## Your assignment
Please give an exact transcription of the records shown below.

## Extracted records
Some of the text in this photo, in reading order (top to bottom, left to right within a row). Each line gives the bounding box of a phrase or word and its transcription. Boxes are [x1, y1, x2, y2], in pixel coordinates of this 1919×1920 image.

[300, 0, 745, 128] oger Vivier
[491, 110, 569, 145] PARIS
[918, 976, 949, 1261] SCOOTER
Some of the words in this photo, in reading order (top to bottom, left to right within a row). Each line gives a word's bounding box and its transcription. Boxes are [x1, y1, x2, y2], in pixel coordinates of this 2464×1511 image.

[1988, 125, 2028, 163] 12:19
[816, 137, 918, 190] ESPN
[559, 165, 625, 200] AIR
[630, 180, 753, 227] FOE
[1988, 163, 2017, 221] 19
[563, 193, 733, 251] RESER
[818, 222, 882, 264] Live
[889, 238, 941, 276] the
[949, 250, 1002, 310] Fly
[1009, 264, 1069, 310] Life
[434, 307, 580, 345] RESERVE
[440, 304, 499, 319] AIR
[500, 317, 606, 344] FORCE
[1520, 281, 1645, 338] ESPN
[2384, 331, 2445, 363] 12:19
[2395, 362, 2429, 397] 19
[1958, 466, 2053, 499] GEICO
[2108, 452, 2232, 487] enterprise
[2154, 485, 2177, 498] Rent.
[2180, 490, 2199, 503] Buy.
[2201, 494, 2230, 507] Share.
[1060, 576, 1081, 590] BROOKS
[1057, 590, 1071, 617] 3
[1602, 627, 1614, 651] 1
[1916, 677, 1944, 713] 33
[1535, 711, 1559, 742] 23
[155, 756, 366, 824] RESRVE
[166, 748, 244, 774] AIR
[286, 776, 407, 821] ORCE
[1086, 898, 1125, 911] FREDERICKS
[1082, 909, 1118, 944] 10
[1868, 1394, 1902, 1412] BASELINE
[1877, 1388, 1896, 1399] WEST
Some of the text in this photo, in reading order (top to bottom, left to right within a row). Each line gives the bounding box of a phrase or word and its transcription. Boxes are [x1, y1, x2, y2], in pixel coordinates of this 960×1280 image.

## Solution to this exercise
Some of the text in this photo, in reading order (top to bottom, left to right within a row). Each line gives the bounding box of a phrase or word and its transcription. Boxes are [x1, y1, x2, y2], in pixel coordinates of this 1919×1920 image.

[300, 0, 745, 128] oger Vivier
[491, 110, 569, 145] PARIS
[918, 976, 949, 1261] SCOOTER
Some of the words in this photo, in reading order (top to bottom, left to right within a row). Each line gives a word's bounding box and its transcription. Boxes are [x1, y1, x2, y2], in pixel coordinates of this 2464×1511 image.

[1988, 125, 2028, 163] 12:19
[816, 137, 918, 190] ESPN
[559, 165, 625, 200] AIR
[630, 180, 753, 227] FOE
[1988, 163, 2017, 221] 19
[563, 193, 733, 251] RESER
[818, 222, 882, 264] Live
[889, 238, 941, 276] the
[949, 250, 1002, 310] Fly
[1009, 264, 1069, 310] Life
[434, 307, 580, 345] RESERVE
[440, 304, 499, 319] AIR
[500, 317, 606, 344] FORCE
[1520, 281, 1645, 338] ESPN
[2384, 331, 2445, 363] 12:19
[2395, 362, 2429, 397] 19
[1958, 466, 2053, 499] GEICO
[2108, 452, 2232, 487] enterprise
[2154, 485, 2177, 498] Rent.
[2180, 490, 2199, 503] Buy.
[2201, 494, 2230, 507] Share.
[1060, 576, 1081, 590] BROOKS
[1057, 590, 1071, 617] 3
[1602, 627, 1614, 651] 1
[1916, 677, 1944, 713] 33
[1535, 711, 1559, 742] 23
[155, 756, 366, 824] RESRVE
[166, 748, 244, 774] AIR
[286, 776, 407, 821] ORCE
[1086, 898, 1125, 911] FREDERICKS
[1082, 909, 1118, 944] 10
[1868, 1394, 1902, 1412] BASELINE
[1877, 1388, 1896, 1399] WEST
Some of the text in this photo, in reading order (top to bottom, left to right within a row). Each line gives the bounding box of a phrase or word and its transcription. Boxes are [x1, y1, x2, y2], in pixel coordinates of this 960×1280 image.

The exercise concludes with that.